Ask HN: How to receive recognition or credit for self-learned material? - upgrayedd

I've been studying on my own for awhile now from great resources like the MIT OCW offerings, Stanford series of lectures on Youtube, and great content from places like Berkeley, Princeton, Harvard's CS50.tv, UNSW, and other places online.<p>I've learned a ton starting from basically 0 programming and algorithm experience to being farely competent in a few languages, design patterns and algorithms, as well as the math that I've missed for awhile. I'm currently self-learning Discrete Maths with OCW, Khan Academy, and books from the library.<p>I learn in my free time and it's been amazing. For support, I often use OpenStudy.com's amazing community, especially for math and computer science things. I'm planning on ramping up my experience and practice by starting to participate in open source projects (the folks at #openhatch on freenode and openhatch.org have been amazing here), as well as getting a portfolio of projects on github.<p>I've run into sort of a conundrum that I knew I'd have to face sooner or later -- how exactly do I receive recognition and get credit for what I've been learning for the last couple of years? I could always put it under education and experience on my resume, but are there pointers that people on HN can give on how exactly I can prove I know and learned the things I say I have?<p>I really appreciate that we live in a time where anyone can get a world-class education for free (almost all in the local public library and free time at home/after work) from some of the best institutions in the world like this. Even better (imho) is the amazing help and collaboration provided by the OpenStudy and OpenHatch communities.
======
retroafroman
You could simply tell current and potential employers that you enjoy learning
and gaining new knowledge. I think you could do better than that, however.

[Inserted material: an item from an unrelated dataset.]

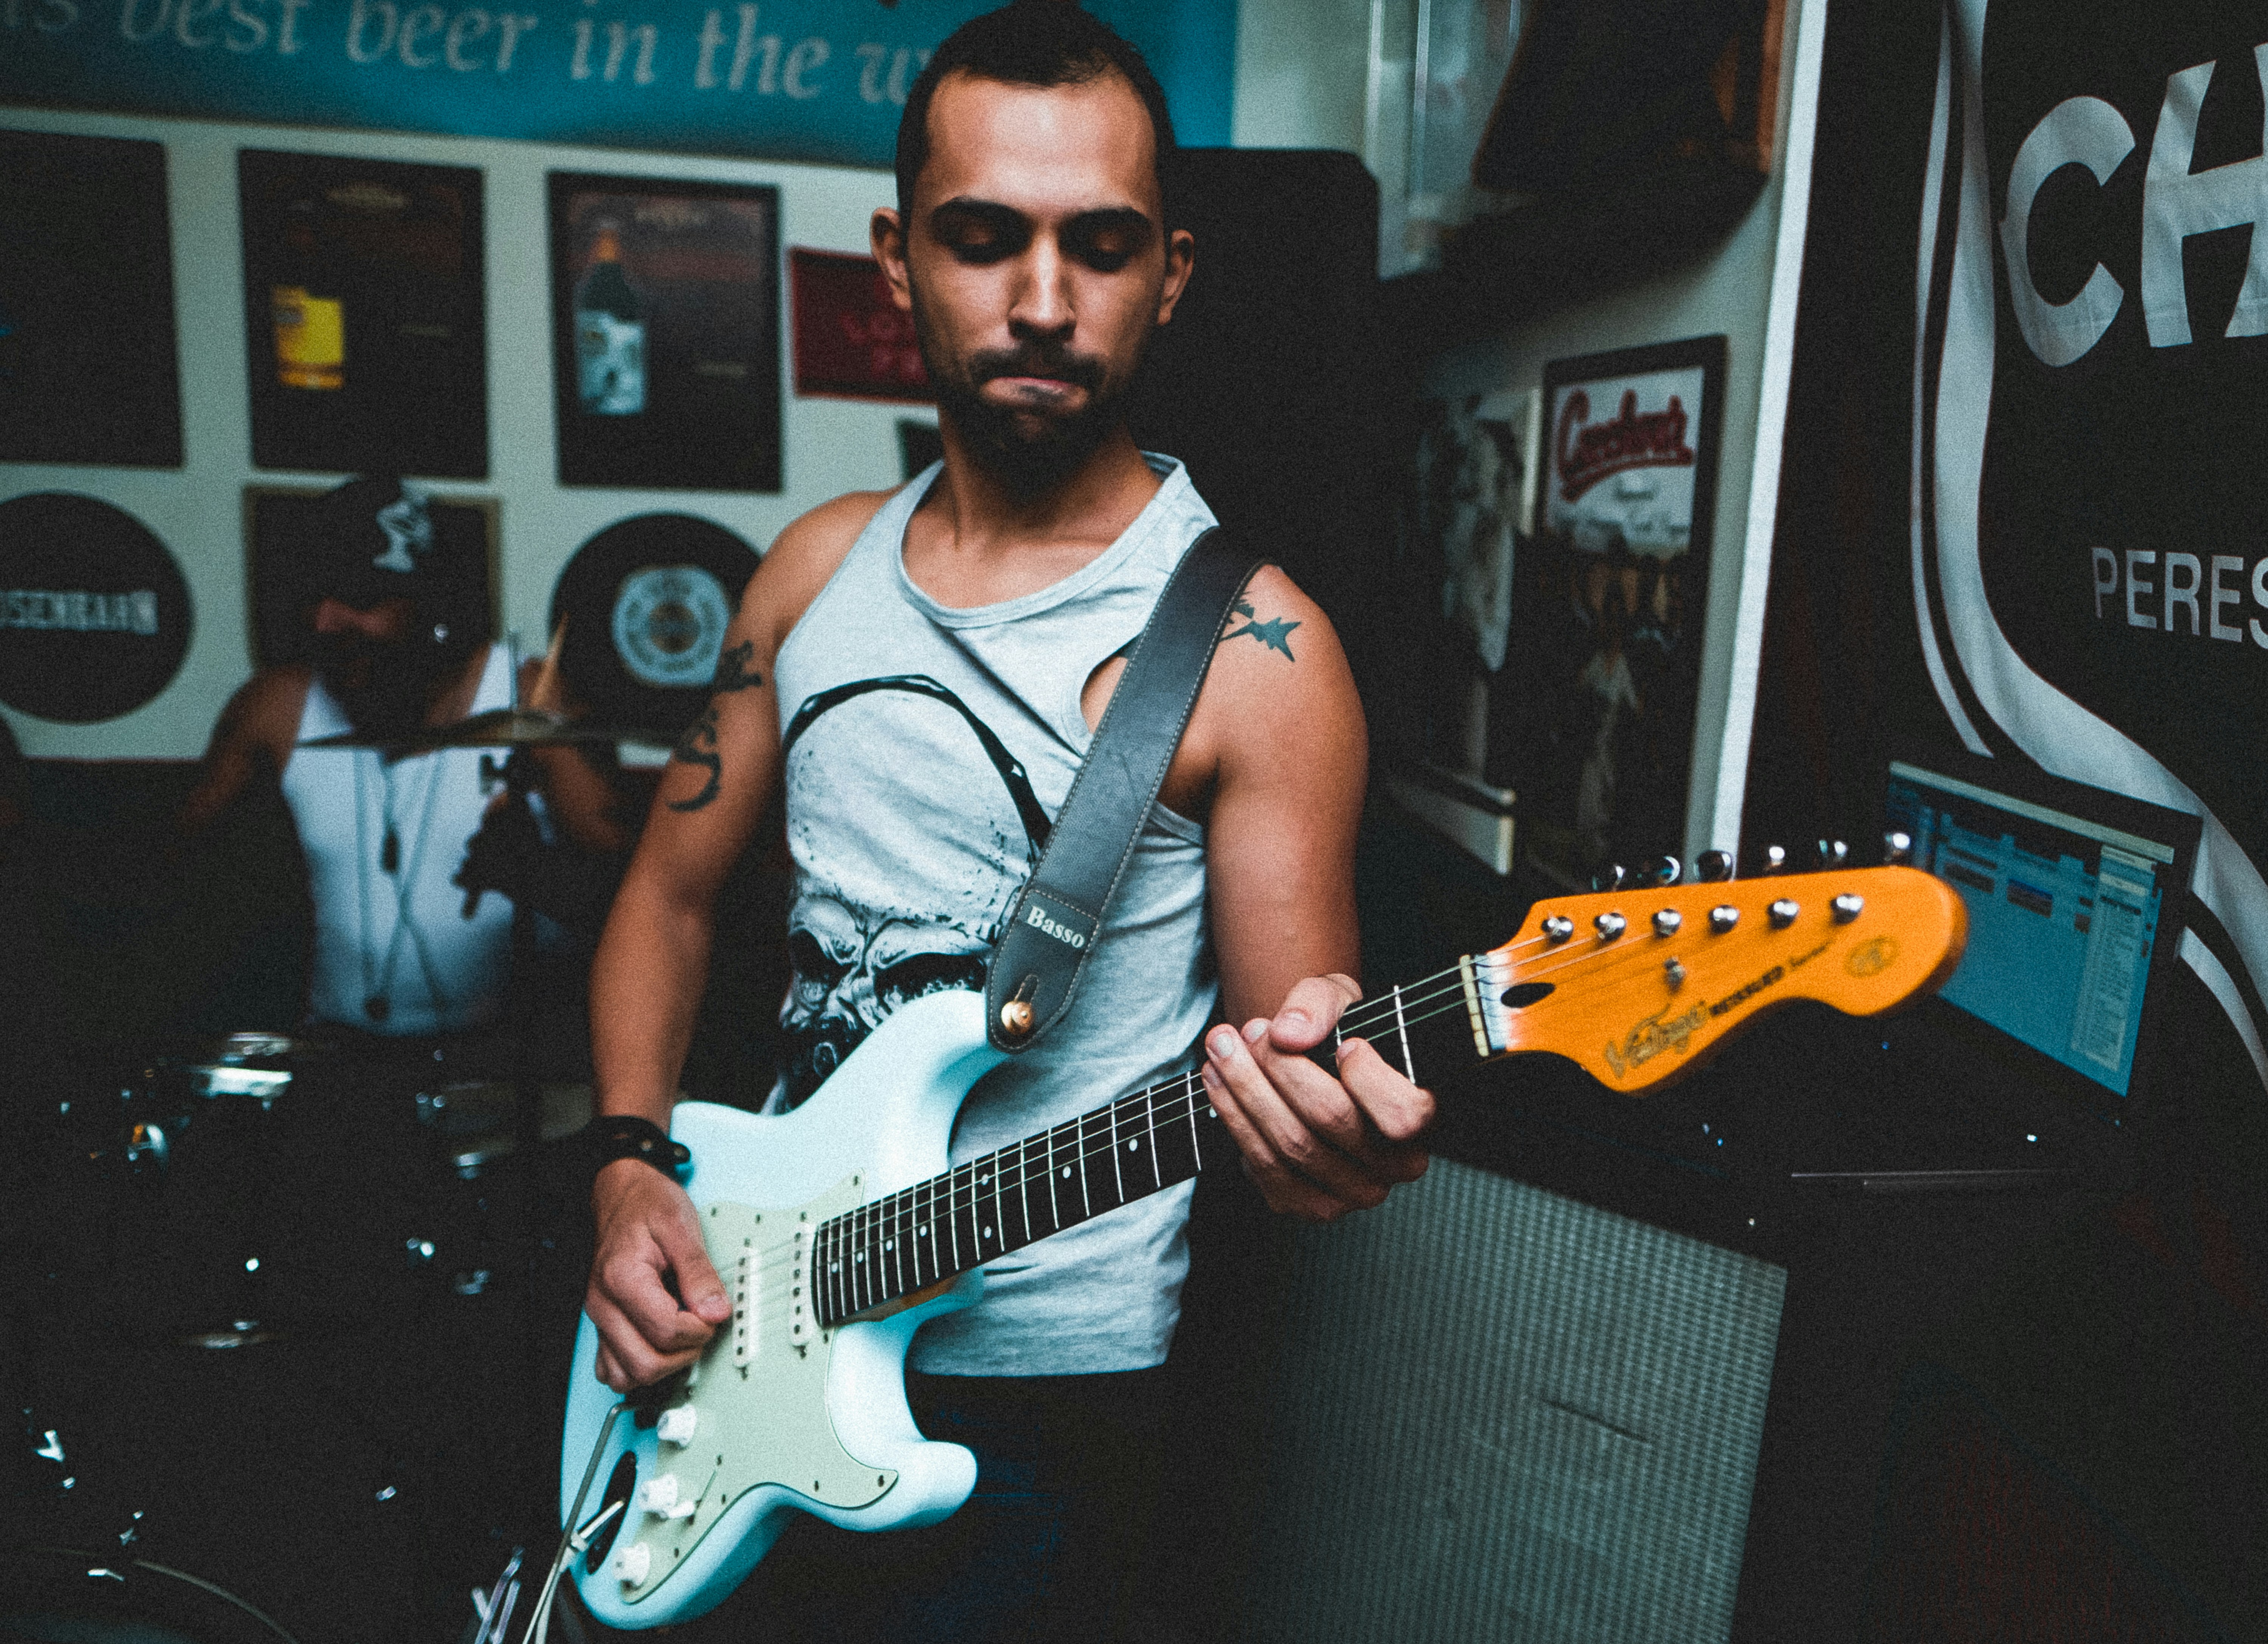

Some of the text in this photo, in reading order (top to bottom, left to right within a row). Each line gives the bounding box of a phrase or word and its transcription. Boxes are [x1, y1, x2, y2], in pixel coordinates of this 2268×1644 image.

I think the best way to show off self obtained knowledge in a resume is to
turn the knowledge into experience, and list it in a "Skills" section of a
resume. An example is to learn all about virtualization, then set up a whole
lab of virtual machines and practice setting up, shutting down, managing VMs.
Pure knowledge subjects like higher math is more difficult to show this way.

An even better way is to have projects, and list those as well. If you
leverage your coding knowledge/experience and make a web app, list that. If
it's a project that they've heard of (even if it was just viral for a short
period of time) that's a huge bonus. Also, committing to popular open source
projects is a big way to show off that you know how to code as well.

While it is certainly awesome to be proud of learning and knowledge, employers
want to know what you can DO, not so much what you KNOW. Turn knowledge into
an experience and it will be more valuable, and you'll know it better.

------
stray
Why even worry about getting credit for it? Your life is richer for having
learned things you didn't know before.

And frankly, I'd hire an autodidact over a college graduate any day.